Dataset records
◇ ◇ ◇

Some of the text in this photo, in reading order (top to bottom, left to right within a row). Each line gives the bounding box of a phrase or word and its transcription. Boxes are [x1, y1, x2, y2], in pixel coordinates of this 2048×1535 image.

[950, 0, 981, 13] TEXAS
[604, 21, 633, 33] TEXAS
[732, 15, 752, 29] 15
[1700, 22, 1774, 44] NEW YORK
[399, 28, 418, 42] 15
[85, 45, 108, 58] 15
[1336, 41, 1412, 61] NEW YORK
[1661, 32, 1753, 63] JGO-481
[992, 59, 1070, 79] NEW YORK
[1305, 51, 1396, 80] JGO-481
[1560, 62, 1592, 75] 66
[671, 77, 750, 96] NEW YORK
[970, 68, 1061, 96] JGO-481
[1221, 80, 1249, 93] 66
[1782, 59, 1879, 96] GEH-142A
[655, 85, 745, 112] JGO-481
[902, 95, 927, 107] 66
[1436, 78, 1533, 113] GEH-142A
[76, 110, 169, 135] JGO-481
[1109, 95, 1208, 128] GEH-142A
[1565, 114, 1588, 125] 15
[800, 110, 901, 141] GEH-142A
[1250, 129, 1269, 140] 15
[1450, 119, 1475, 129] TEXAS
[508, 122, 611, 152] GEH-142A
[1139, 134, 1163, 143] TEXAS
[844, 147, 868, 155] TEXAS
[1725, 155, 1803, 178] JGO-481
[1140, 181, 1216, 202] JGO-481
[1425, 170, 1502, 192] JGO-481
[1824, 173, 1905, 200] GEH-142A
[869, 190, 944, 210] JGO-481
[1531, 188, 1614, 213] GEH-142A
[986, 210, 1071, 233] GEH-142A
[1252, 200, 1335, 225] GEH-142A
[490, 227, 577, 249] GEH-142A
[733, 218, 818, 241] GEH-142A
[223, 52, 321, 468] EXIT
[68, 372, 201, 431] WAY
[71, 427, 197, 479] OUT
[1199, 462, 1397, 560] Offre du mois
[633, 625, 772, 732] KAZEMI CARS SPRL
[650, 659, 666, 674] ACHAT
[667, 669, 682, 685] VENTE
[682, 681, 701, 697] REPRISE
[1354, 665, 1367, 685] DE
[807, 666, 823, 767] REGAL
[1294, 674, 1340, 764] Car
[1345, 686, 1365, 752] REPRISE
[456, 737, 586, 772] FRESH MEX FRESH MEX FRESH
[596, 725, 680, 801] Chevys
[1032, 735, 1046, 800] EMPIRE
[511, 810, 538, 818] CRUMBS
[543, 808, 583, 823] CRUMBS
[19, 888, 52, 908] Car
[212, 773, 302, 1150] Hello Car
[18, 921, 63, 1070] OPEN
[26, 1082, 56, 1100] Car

◇ ◇ ◇

→ **PROMPT**
Go through the data and return each line where the word "TEXAS" appears.

→ **RESPONSE**
[950, 0, 981, 13] TEXAS
[604, 21, 633, 33] TEXAS
[1450, 119, 1475, 129] TEXAS
[1139, 134, 1163, 143] TEXAS
[844, 147, 868, 155] TEXAS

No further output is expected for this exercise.